Fredy Armando Peccerelli Monterroso is an internationally renowned forensic anthropologist, human rights activist, and founding member of the Forensic Anthropology Foundation of Guatemala (FAFG). After returning to Guatemala in 1995, he dedicated his life to upholding human rights and dignity through the use of forensic sciences. He led the development and implementation of a Multidisciplinary Human Identification System that applies victim investigation, forensic-archaeology, forensic-anthropology, and forensic-genetics to uncover the identity of victims the Guatemalan civil conflict, and the truth behind their disappearance. FAFG is now sought to aid in international work in other post-conflict countries as well. Peccerelli has also received the Special Honours Medal from Governor General David Johnston, the Award for Human Rights Activist presented by the Abraham Lincoln Brigade Archives and the Puffin Foundation, the 2008 Heinz R. Pagels Human Rights of Science award, and he was the first recipient of the Washington Office on Latin America Human Rights Award. He was also recognized by Time Magazine and CNN’s 50 Latin American Leaders for the New Millennium.

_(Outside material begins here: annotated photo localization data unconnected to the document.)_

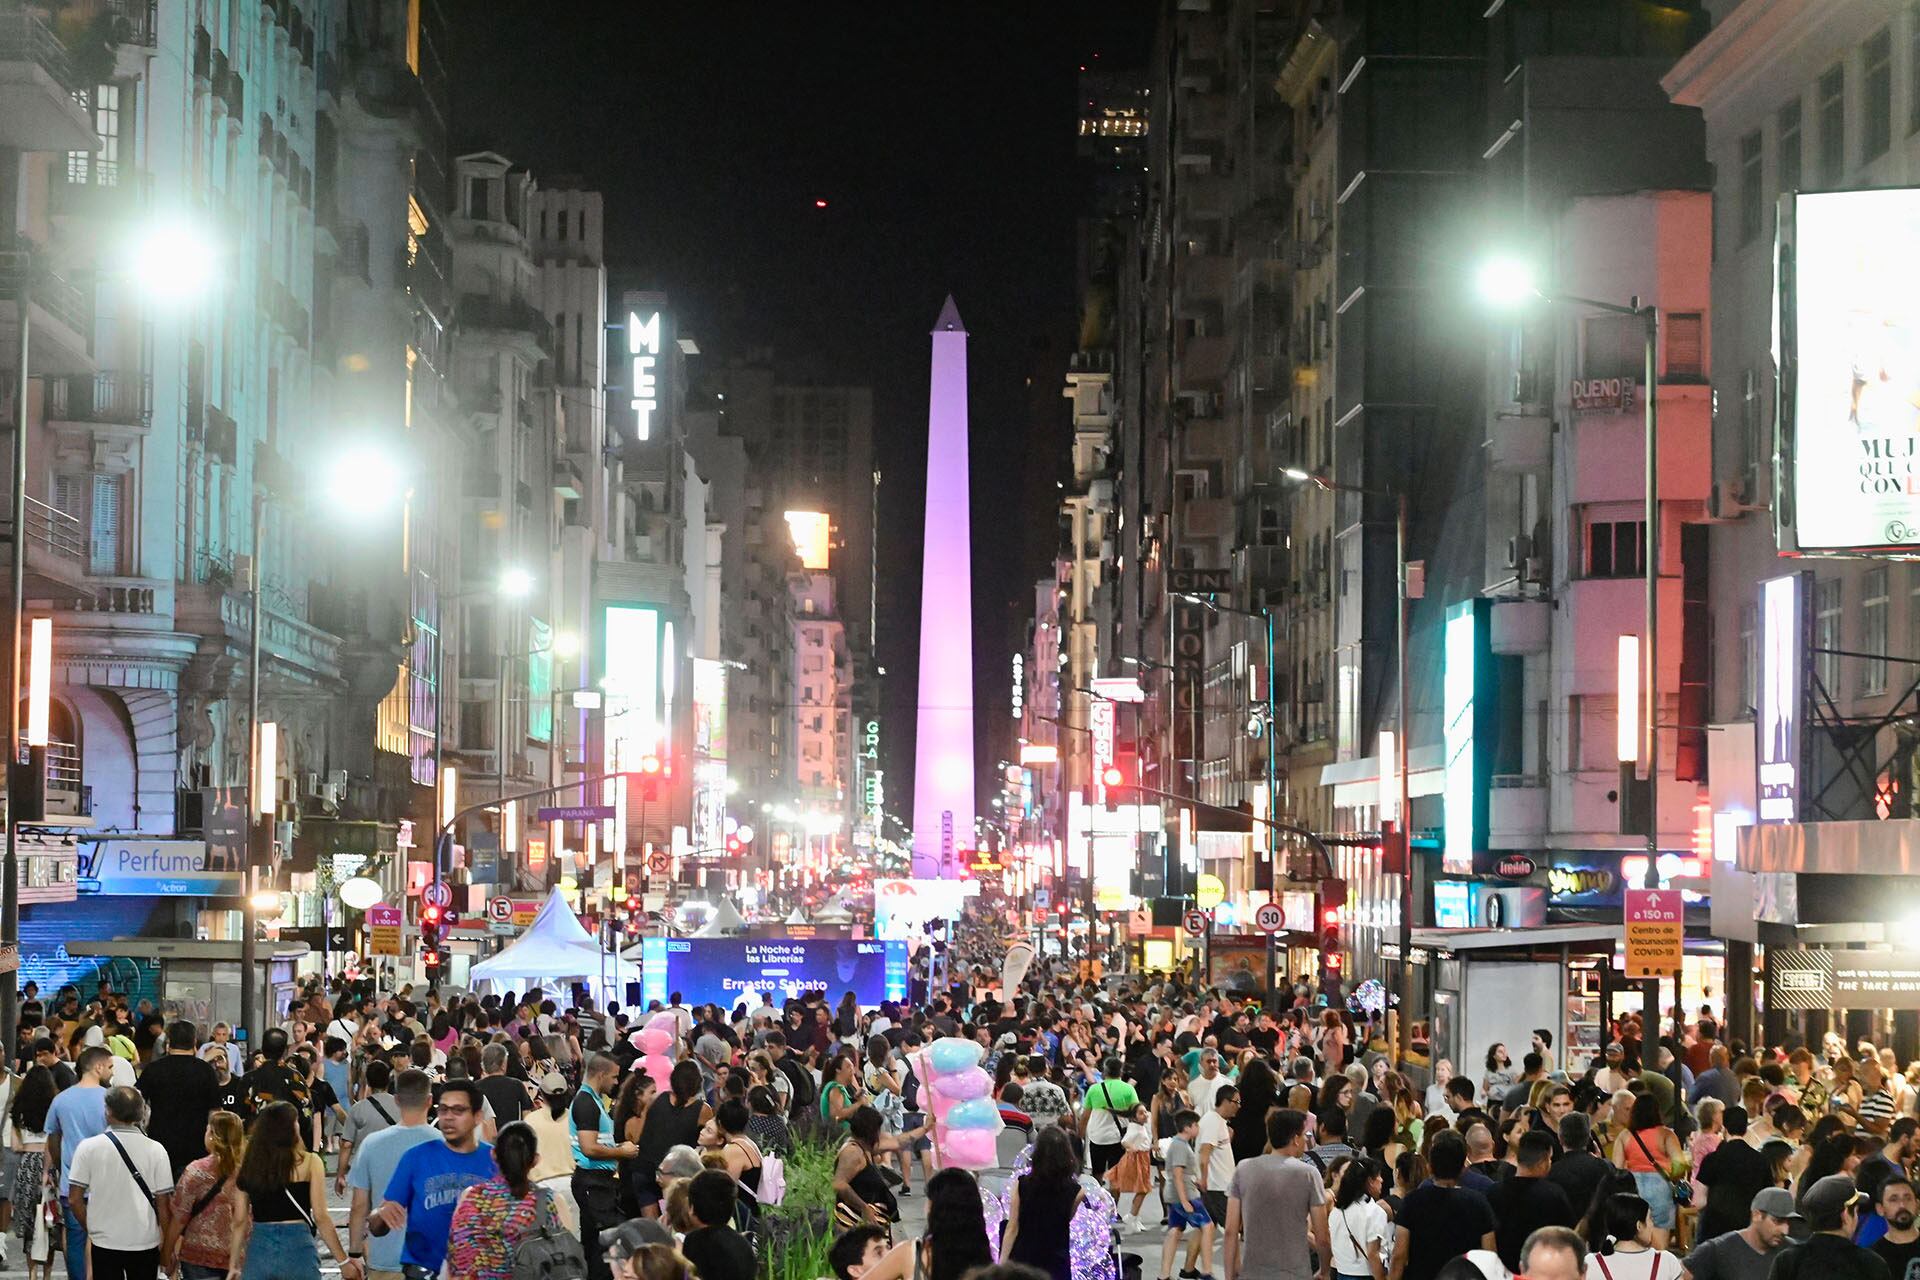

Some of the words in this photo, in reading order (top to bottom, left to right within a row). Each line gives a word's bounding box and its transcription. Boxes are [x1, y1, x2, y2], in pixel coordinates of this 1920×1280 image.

[630, 311, 659, 441] MET
[118, 849, 204, 872] Perfume
[1262, 911, 1280, 924] 30
[1634, 911, 1641, 919] a
[1643, 910, 1662, 919] 150
[1663, 911, 1675, 919] m
[1632, 926, 1661, 934] Centro
[1663, 926, 1674, 934] de
[745, 945, 757, 954] La
[760, 945, 790, 954] Noche
[793, 945, 805, 954] de
[747, 954, 760, 963] las
[1837, 981, 1858, 990] THE
[1862, 981, 1889, 991] TAKE
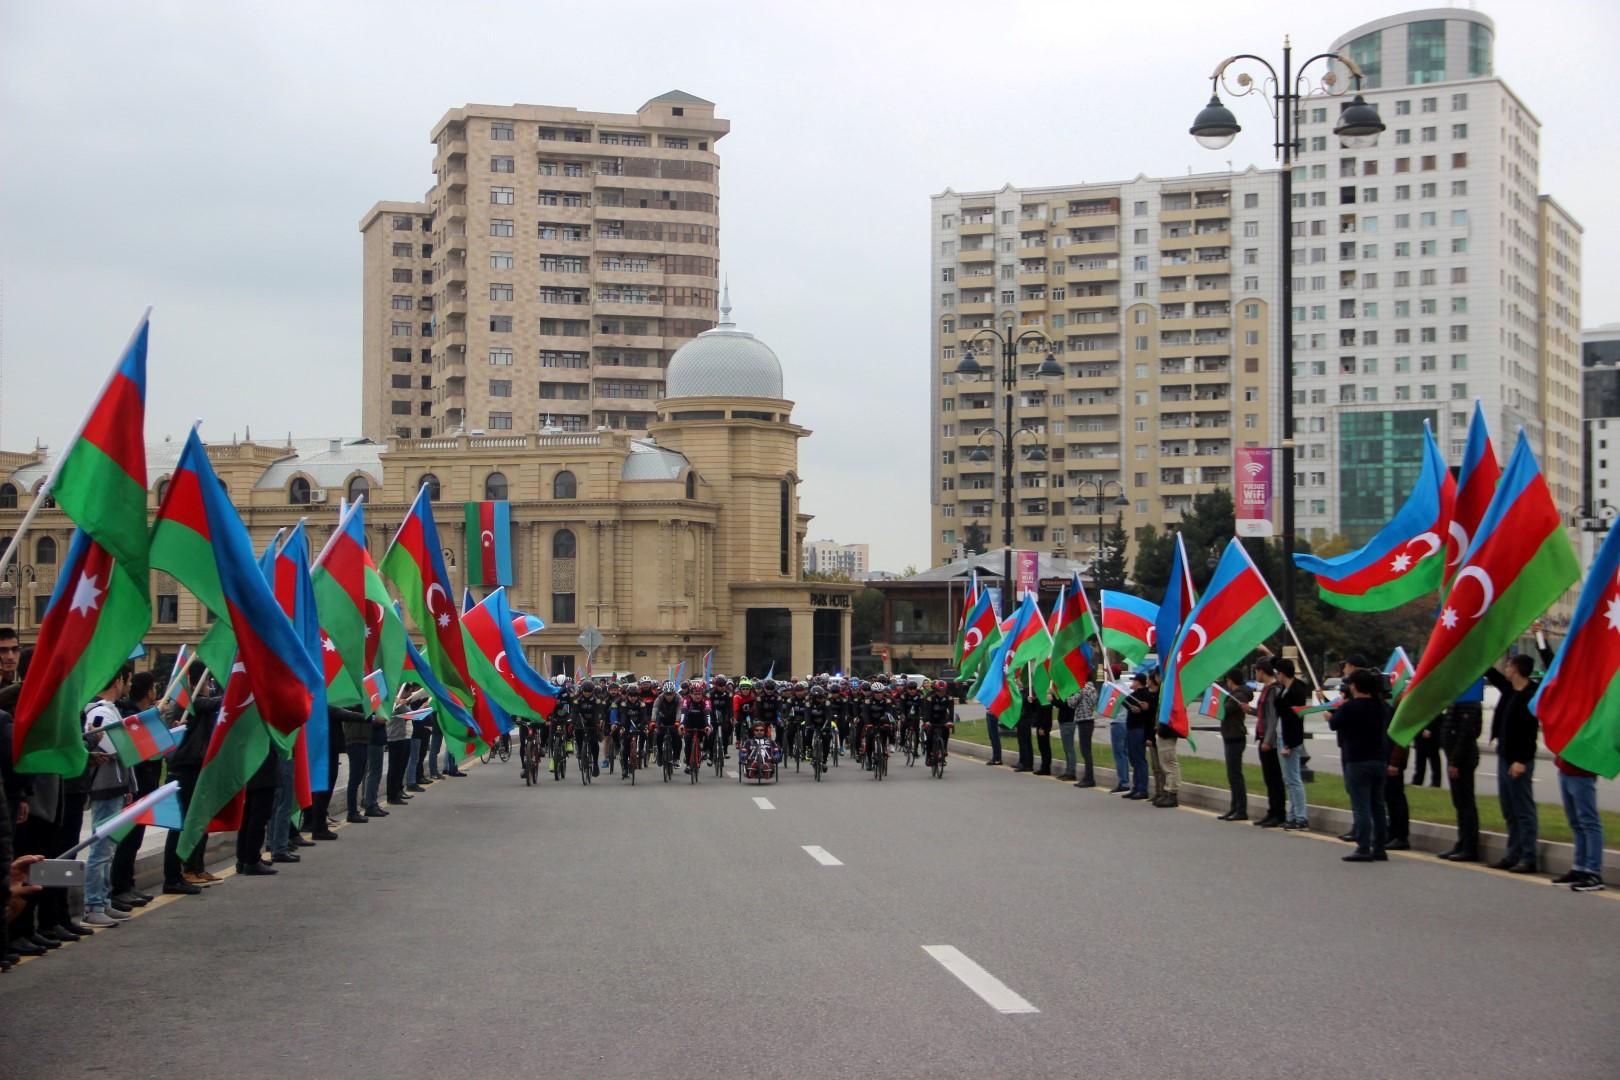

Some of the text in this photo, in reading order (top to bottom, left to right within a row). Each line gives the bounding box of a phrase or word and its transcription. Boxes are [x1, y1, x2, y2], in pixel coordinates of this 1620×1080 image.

Peccerelli’s lecture discussed the state of Guatemala at the end of the 36-year armed civil conflict, with 1.5 million people internally displaced, 200 000 killed or disappeared, and 626 massacres committed at the hands of state security forces. Indigenous people were disproportionately targeted, comprising 83% of the victims, while state forces committed 93% of the crimes. He then discussed the process by which FAFG, a forensic anthropology project, was attempting to identify the bodies of those killed during the conflict. A unit of investigators gained community trust and conducted testimonial interviews in which families of the disappeared provided information about their clothes, childhood injuries, and teeth – anything that could help to identify the body. They also used collected DNA and specialized software to identify bodies. Peccerelli then discussed the careful documentation practices the team used in order to make sure that everything they uncovered could be used by families, prosecutors, and judges. He concluded by explaining the process of trying to find the graves of the disappeared, and discussed how once found, such graves provided evidence of the actions of state forces during the conflict, including that they moved prisoners around.

As a part of the Dunning Trust’s funding for this lecture, a $10 000 donation was made to Friends of FAFG to support their work.